Abstract

Ultraviolet resonance Raman [UVRR] spectra of Cu, Zn superoxide dismutase [SOD] contain bands arising from vibrations of metal-bound histidine ligands. Spectra in H2O solution reveal several modes of the His61 side chain, which bridges the Cu2+ and Zn2+ ions as imidazolate. The disappearance of these bands signals disruption of the bridge when the pH is lowered to 3.0, or the Cu2+ is reduced to Cu+. Binding of hydroxide [pH 12] or cyanide to the Cu2+ perturbs the imidazolate modes, reflecting geometry changes induced by these strong-field ligands.
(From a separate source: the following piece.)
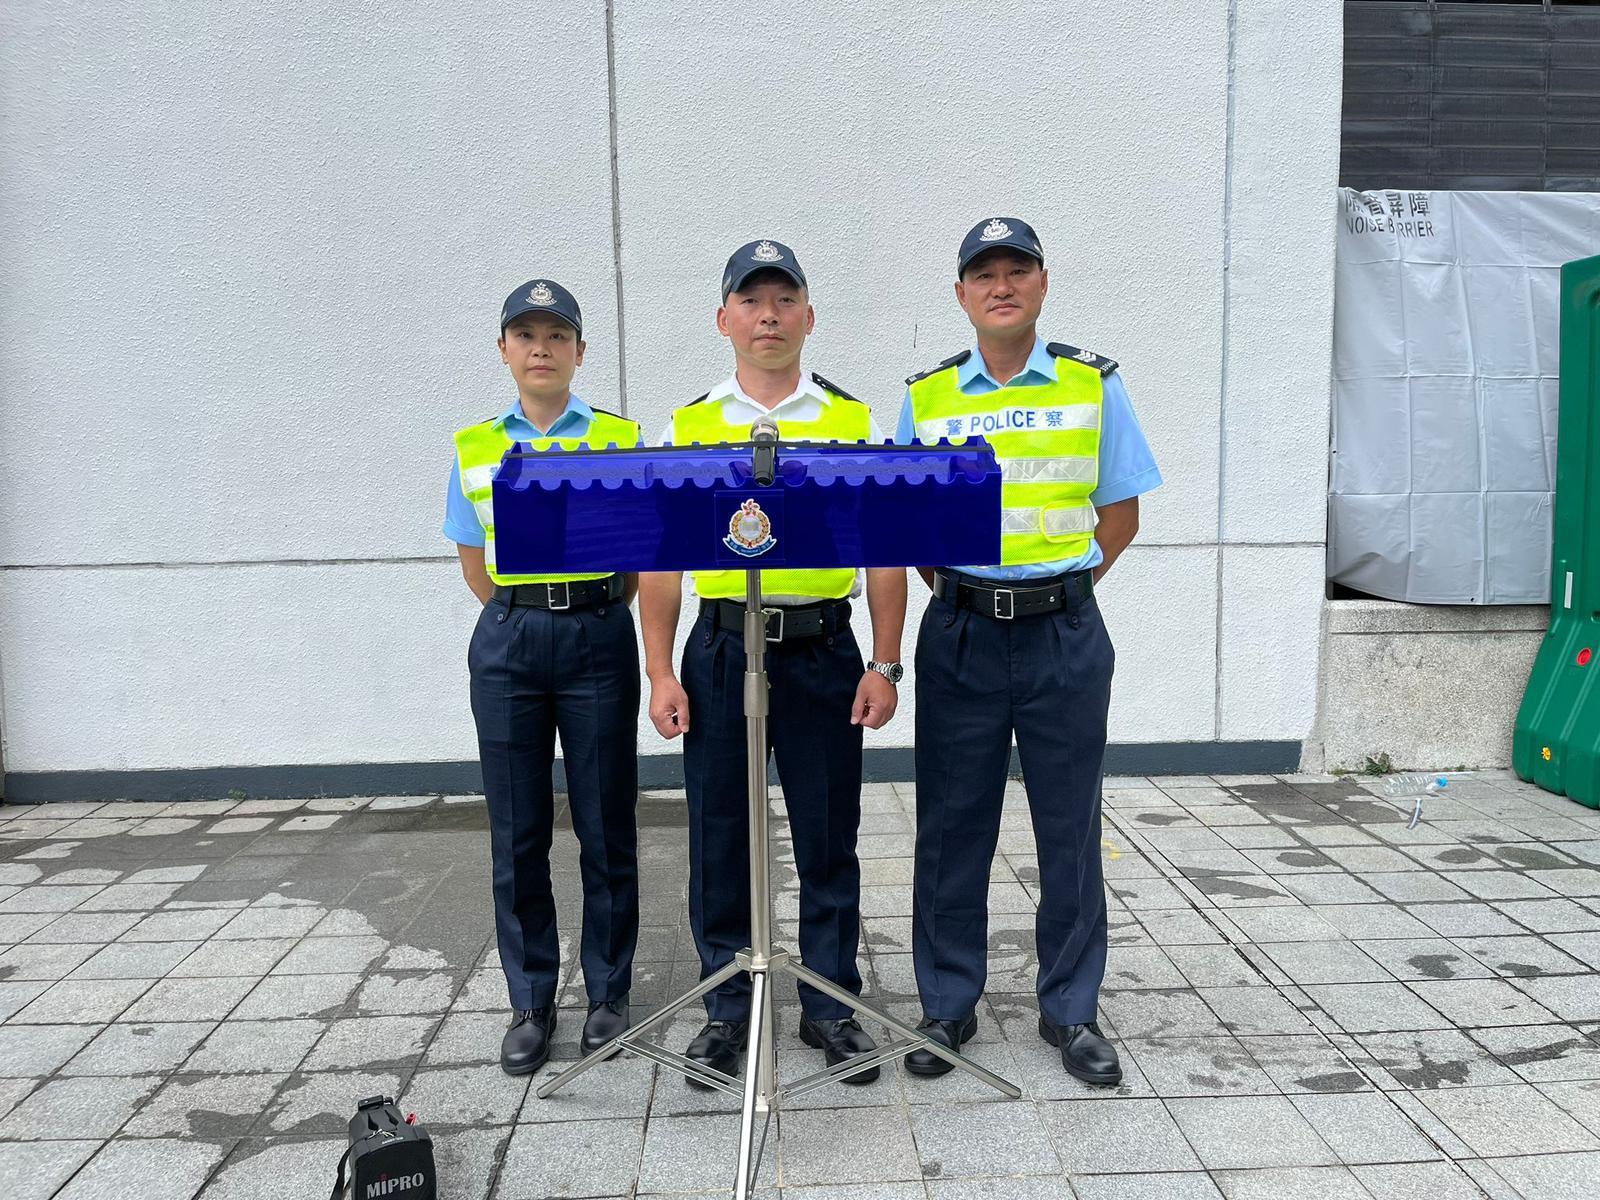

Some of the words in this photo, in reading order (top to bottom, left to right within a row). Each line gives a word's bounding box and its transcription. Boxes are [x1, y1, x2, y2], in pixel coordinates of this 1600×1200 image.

[1346, 216, 1385, 235] NOISE
[1388, 218, 1434, 237] BRRIER
[970, 410, 1035, 432] POLICE
[1045, 411, 1063, 426] 察
In D2O solution several additional bands become enhanced which arise from histidine ligands that have undergone NH/D exchange. Some of these are attributed to Cu-bound ligands and others to Zn-bound ligands, on the basis of selective changes accompanying removal and replacement of the metals. Excitation profiles are similar for these bands, and for the bridging imidazolate bands; they are red-shifted relative to nonligating histidine. The detection of site-specific histidine ligand modes gives promise for wide applicability of UVRR spectroscopy in studying histidine ligation in metalloproteins. The single tyrosine residue of SOD, which is a target of active-site-catalyzed nitration by peroxynitrite, is found to have an elevated pKa, 11.4, despite being exposed to solvent.